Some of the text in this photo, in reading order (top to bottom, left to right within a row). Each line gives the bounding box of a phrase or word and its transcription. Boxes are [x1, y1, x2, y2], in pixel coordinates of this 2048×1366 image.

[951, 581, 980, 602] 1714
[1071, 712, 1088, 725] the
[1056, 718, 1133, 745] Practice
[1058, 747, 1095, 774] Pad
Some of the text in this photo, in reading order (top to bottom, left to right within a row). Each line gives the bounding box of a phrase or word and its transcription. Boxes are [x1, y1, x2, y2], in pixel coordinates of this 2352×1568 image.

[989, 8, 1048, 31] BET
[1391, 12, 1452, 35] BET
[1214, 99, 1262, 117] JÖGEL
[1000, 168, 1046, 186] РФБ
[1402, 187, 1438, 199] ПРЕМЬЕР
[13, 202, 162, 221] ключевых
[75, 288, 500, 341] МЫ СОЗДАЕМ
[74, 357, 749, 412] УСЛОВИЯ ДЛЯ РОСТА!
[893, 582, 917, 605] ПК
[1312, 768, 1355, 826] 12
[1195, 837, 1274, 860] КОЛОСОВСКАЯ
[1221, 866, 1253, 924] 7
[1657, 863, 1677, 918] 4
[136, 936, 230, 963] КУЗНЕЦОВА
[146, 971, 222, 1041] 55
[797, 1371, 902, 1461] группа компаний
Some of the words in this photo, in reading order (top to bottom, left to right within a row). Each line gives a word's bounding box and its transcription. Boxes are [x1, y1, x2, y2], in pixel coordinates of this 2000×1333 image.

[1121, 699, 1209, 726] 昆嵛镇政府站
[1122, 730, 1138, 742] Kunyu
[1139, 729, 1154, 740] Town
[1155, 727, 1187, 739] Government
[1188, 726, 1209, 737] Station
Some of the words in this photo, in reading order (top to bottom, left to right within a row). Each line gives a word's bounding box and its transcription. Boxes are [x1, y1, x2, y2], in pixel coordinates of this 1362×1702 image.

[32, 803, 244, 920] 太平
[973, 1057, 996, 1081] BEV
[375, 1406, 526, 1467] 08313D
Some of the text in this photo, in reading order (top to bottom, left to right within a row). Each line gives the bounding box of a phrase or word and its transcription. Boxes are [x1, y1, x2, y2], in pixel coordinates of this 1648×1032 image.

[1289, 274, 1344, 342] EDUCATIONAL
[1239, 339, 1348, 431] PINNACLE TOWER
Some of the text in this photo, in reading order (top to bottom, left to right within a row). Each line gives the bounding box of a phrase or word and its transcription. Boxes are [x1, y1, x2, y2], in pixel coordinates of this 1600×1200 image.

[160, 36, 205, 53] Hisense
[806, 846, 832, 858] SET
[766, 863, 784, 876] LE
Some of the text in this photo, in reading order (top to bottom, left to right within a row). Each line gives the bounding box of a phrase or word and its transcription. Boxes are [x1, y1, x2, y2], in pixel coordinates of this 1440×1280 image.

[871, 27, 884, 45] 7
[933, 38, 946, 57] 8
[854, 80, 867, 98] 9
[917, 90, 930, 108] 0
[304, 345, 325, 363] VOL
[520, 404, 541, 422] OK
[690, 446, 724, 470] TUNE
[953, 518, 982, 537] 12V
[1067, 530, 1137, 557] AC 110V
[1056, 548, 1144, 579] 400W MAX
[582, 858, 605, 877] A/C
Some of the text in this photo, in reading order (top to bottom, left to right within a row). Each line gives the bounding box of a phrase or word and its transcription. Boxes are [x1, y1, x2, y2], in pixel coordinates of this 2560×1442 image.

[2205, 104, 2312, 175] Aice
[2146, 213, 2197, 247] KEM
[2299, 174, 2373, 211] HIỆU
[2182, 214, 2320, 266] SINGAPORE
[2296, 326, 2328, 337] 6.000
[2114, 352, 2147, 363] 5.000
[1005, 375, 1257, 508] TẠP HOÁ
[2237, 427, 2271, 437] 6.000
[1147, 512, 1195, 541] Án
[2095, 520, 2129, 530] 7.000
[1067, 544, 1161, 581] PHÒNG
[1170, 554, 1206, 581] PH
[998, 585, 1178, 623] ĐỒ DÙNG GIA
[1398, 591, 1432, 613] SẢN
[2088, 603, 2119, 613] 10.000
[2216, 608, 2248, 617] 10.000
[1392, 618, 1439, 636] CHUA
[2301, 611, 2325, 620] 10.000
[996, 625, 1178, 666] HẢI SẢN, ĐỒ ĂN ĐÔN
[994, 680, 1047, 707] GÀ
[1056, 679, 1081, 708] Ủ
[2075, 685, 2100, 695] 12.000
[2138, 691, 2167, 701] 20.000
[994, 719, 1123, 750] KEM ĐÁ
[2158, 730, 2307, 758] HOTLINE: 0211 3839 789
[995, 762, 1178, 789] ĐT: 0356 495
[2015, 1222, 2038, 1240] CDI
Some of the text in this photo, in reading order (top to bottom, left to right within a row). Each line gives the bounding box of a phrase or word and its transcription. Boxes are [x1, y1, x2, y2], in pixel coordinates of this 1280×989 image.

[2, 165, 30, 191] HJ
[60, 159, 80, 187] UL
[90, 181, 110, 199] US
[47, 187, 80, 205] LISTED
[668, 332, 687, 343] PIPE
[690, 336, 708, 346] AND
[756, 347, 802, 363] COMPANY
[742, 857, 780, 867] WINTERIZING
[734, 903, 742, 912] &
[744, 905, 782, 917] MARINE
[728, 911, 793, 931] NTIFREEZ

▬▬▬▬▬▬▬▬▬▬

[What the task asks]
Exactly as written, transcribe each line of the data.

[Response below]
Some of the text in this photo, in reading order (top to bottom, left to right within a row). Each line gives the bounding box of a phrase or word and its transcription. Boxes are [x1, y1, x2, y2], in pixel coordinates of this 2048×1366 image.

[951, 581, 980, 602] 1714
[1071, 712, 1088, 725] the
[1056, 718, 1133, 745] Practice
[1058, 747, 1095, 774] Pad
Some of the text in this photo, in reading order (top to bottom, left to right within a row). Each line gives the bounding box of a phrase or word and its transcription. Boxes are [x1, y1, x2, y2], in pixel coordinates of this 2352×1568 image.

[989, 8, 1048, 31] BET
[1391, 12, 1452, 35] BET
[1214, 99, 1262, 117] JÖGEL
[1000, 168, 1046, 186] РФБ
[1402, 187, 1438, 199] ПРЕМЬЕР
[13, 202, 162, 221] ключевых
[75, 288, 500, 341] МЫ СОЗДАЕМ
[74, 357, 749, 412] УСЛОВИЯ ДЛЯ РОСТА!
[893, 582, 917, 605] ПК
[1312, 768, 1355, 826] 12
[1195, 837, 1274, 860] КОЛОСОВСКАЯ
[1221, 866, 1253, 924] 7
[1657, 863, 1677, 918] 4
[136, 936, 230, 963] КУЗНЕЦОВА
[146, 971, 222, 1041] 55
[797, 1371, 902, 1461] группа компаний
Some of the words in this photo, in reading order (top to bottom, left to right within a row). Each line gives a word's bounding box and its transcription. Boxes are [x1, y1, x2, y2], in pixel coordinates of this 2000×1333 image.

[1121, 699, 1209, 726] 昆嵛镇政府站
[1122, 730, 1138, 742] Kunyu
[1139, 729, 1154, 740] Town
[1155, 727, 1187, 739] Government
[1188, 726, 1209, 737] Station
Some of the words in this photo, in reading order (top to bottom, left to right within a row). Each line gives a word's bounding box and its transcription. Boxes are [x1, y1, x2, y2], in pixel coordinates of this 1362×1702 image.

[32, 803, 244, 920] 太平
[973, 1057, 996, 1081] BEV
[375, 1406, 526, 1467] 08313D
Some of the text in this photo, in reading order (top to bottom, left to right within a row). Each line gives the bounding box of a phrase or word and its transcription. Boxes are [x1, y1, x2, y2], in pixel coordinates of this 1648×1032 image.

[1289, 274, 1344, 342] EDUCATIONAL
[1239, 339, 1348, 431] PINNACLE TOWER
Some of the text in this photo, in reading order (top to bottom, left to right within a row). Each line gives the bounding box of a phrase or word and its transcription. Boxes are [x1, y1, x2, y2], in pixel coordinates of this 1600×1200 image.

[160, 36, 205, 53] Hisense
[806, 846, 832, 858] SET
[766, 863, 784, 876] LE
Some of the text in this photo, in reading order (top to bottom, left to right within a row). Each line gives the bounding box of a phrase or word and its transcription. Boxes are [x1, y1, x2, y2], in pixel coordinates of this 1440×1280 image.

[871, 27, 884, 45] 7
[933, 38, 946, 57] 8
[854, 80, 867, 98] 9
[917, 90, 930, 108] 0
[304, 345, 325, 363] VOL
[520, 404, 541, 422] OK
[690, 446, 724, 470] TUNE
[953, 518, 982, 537] 12V
[1067, 530, 1137, 557] AC 110V
[1056, 548, 1144, 579] 400W MAX
[582, 858, 605, 877] A/C
Some of the text in this photo, in reading order (top to bottom, left to right within a row). Each line gives the bounding box of a phrase or word and its transcription. Boxes are [x1, y1, x2, y2], in pixel coordinates of this 2560×1442 image.

[2205, 104, 2312, 175] Aice
[2146, 213, 2197, 247] KEM
[2299, 174, 2373, 211] HIỆU
[2182, 214, 2320, 266] SINGAPORE
[2296, 326, 2328, 337] 6.000
[2114, 352, 2147, 363] 5.000
[1005, 375, 1257, 508] TẠP HOÁ
[2237, 427, 2271, 437] 6.000
[1147, 512, 1195, 541] Án
[2095, 520, 2129, 530] 7.000
[1067, 544, 1161, 581] PHÒNG
[1170, 554, 1206, 581] PH
[998, 585, 1178, 623] ĐỒ DÙNG GIA
[1398, 591, 1432, 613] SẢN
[2088, 603, 2119, 613] 10.000
[2216, 608, 2248, 617] 10.000
[1392, 618, 1439, 636] CHUA
[2301, 611, 2325, 620] 10.000
[996, 625, 1178, 666] HẢI SẢN, ĐỒ ĂN ĐÔN
[994, 680, 1047, 707] GÀ
[1056, 679, 1081, 708] Ủ
[2075, 685, 2100, 695] 12.000
[2138, 691, 2167, 701] 20.000
[994, 719, 1123, 750] KEM ĐÁ
[2158, 730, 2307, 758] HOTLINE: 0211 3839 789
[995, 762, 1178, 789] ĐT: 0356 495
[2015, 1222, 2038, 1240] CDI
Some of the text in this photo, in reading order (top to bottom, left to right within a row). Each line gives the bounding box of a phrase or word and its transcription. Boxes are [x1, y1, x2, y2], in pixel coordinates of this 1280×989 image.

[2, 165, 30, 191] HJ
[60, 159, 80, 187] UL
[90, 181, 110, 199] US
[47, 187, 80, 205] LISTED
[668, 332, 687, 343] PIPE
[690, 336, 708, 346] AND
[756, 347, 802, 363] COMPANY
[742, 857, 780, 867] WINTERIZING
[734, 903, 742, 912] &
[744, 905, 782, 917] MARINE
[728, 911, 793, 931] NTIFREEZ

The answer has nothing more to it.